Otherwise, it returns \scheme{#f}.


%----------------------------------------------------------------------------
\entryheader
\formdef{get-process-id}{\categoryprocedure}{(get-process-id)}
\returns the operating system process id if the current process
\listlibraries
\endentryheader



%----------------------------------------------------------------------------
\noskipentryheader
\formdef{getenv}{\categoryprocedure}{(getenv \var{key})}
\returns environment value of \var{key} or \scheme{#f}
\listlibraries
\endnoskipentryheader

\noindent
\var{key} must be a string.
\scheme{getenv} returns the operating system shell's environment value
associated with \var{key}, or \scheme{#f} if no environment value
is associated with \var{key}.

\schemedisplay
(getenv "HOME") ;=> "/u/freddy"
\endschemedisplay

%----------------------------------------------------------------------------
\entryheader
\formdef{putenv}{\categoryprocedure}{(putenv \var{key} \var{value})}
\returns unspecified
\listlibraries
\endentryheader

\noindent
\var{key} and \var{value} must be strings.

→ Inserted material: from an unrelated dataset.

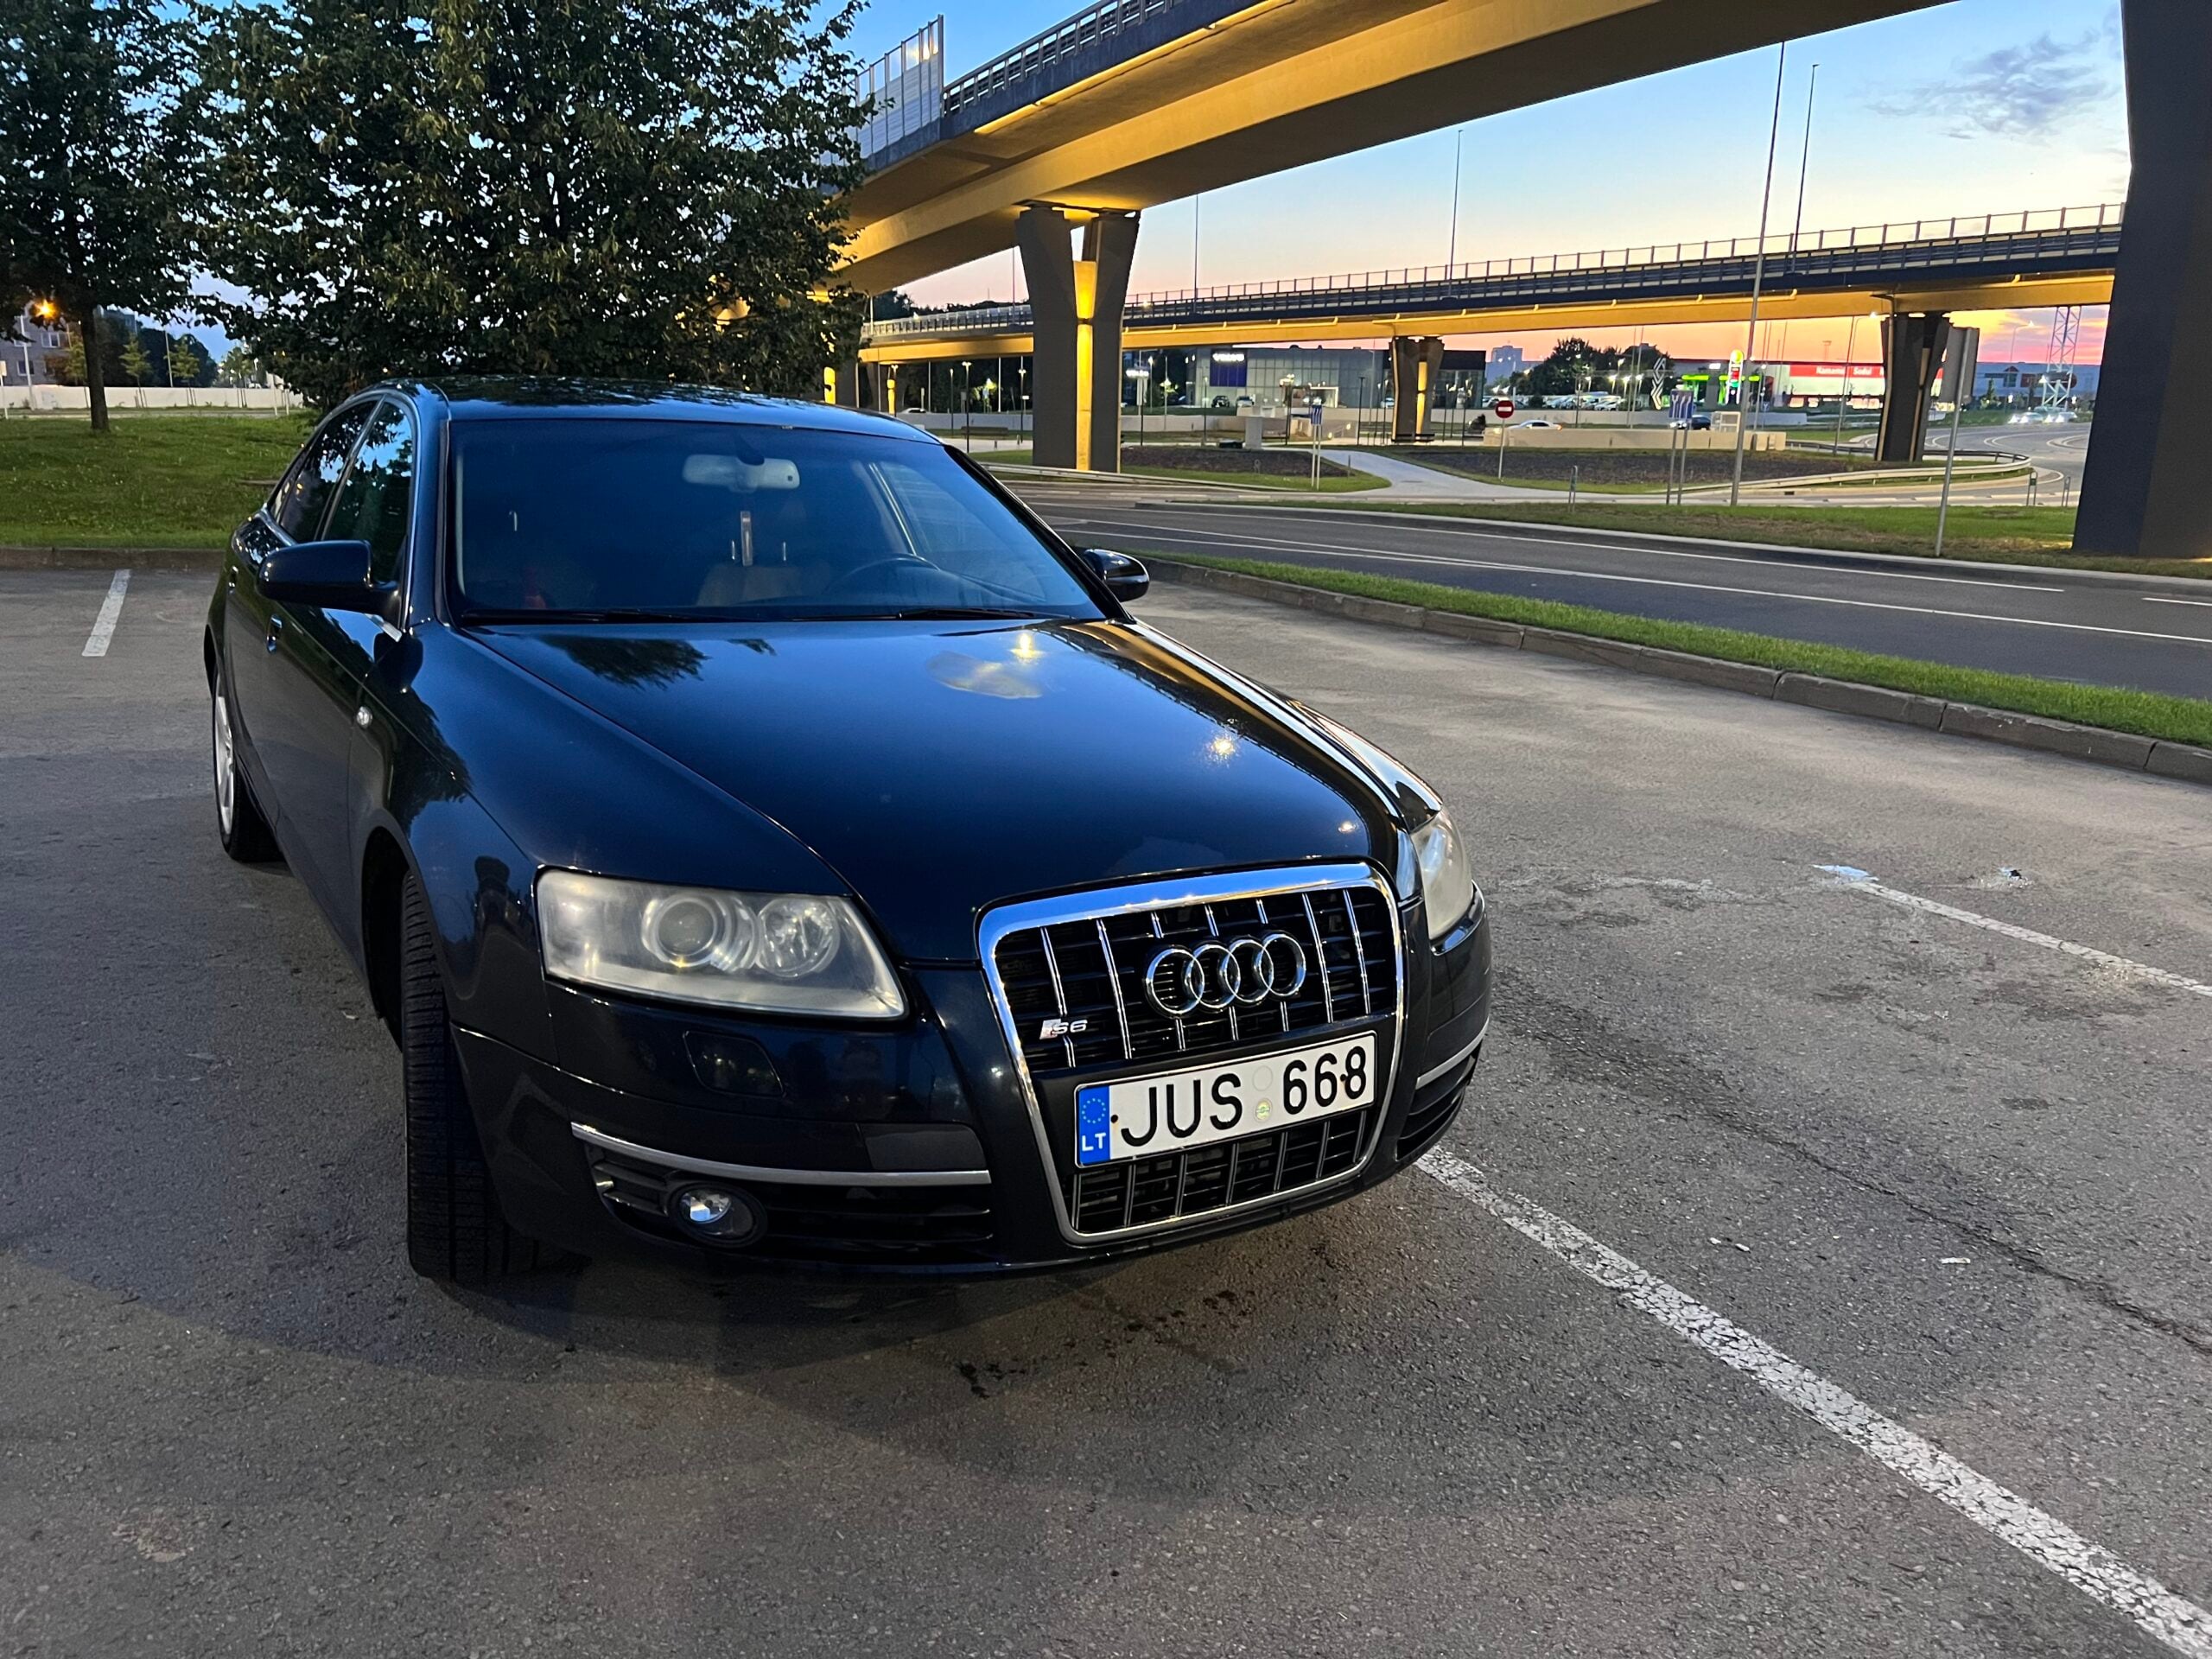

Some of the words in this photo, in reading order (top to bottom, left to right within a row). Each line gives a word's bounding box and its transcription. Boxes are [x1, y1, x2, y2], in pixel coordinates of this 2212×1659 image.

\scheme{putenv} stores the \var{key}, \var{value} pair in the
environment of the process,
where it is available to the current process (e.g., via \var{getenv})
and any spawned processes.

\schemedisplay
(putenv "SCHEME" "rocks!")
(getenv "SCHEME") ;=> "rocks!"
\endschemedisplay


%----------------------------------------------------------------------------
\entryheader
\formdef{get-registry}{\categoryprocedure}{(get-registry \var{key})}
\returns registry value of \var{key} or \scheme{#f}
\formdef{put-registry!}{\categoryprocedure}{(put-registry! \var{key} \var{val})}
\formdef{remove-registry!}{\categoryprocedure}{(remove-registry! \var{key})}
\returns unspecified
\listlibraries
\endentryheader

\noindent
\var{key} and \var{val} must be strings.

\scheme{get-registry} returns a string containing the registry
value of \var{key} if the value exists.
If no registry value for \var{key} exists, \scheme{get-registry} returns
\scheme{#f}.

\scheme{put-registry!} sets the registry
value of \var{key} to \var{val}.
It raises an exception with condition type \scheme{&assertion} if the
value cannot be set, which may happen if
the user has insufficient access.

\scheme{remove-registry!} removes the registry
key or value named by \var{key}.
It raises an exception with condition type \scheme{&assertion} if the
value cannot be removed.
Reasons for failure include the key not being present, the user having
insufficient access, or \var{key} being a key with subkeys.

These routines are defined for Windows only.

\schemedisplay
(get-registry "hkey_local_machine\\Software\\North\\South") ;=> #f
(put-registry! "hkey_local_machine\\Software\\North\\South" "east")
(get-registry "hkey_local_machine\\Software\\North\\South") ;=> "east"
(remove-registry! "hkey_local_machine\\Software\\North")
(get-registry "hkey_local_machine\\Software\\North\\South") ;=> #f
\endschemedisplay


\section{Subset Modes\label{SECTMISCSUBSETMODE}}

\noskipentryheader
\formdef{subset-mode}{\categorythreadparameter}{subset-mode}
\listlibraries
\endnoskipentryheader

\noindent
The value of this parameter
must be \scheme{#f} (the default) or the symbol \scheme{system}.
Setting \scheme{subset-mode} to \scheme{system} allows the manipulation
of various undocumented system variables, data structures, and
settings.
It is typically used only for system debugging.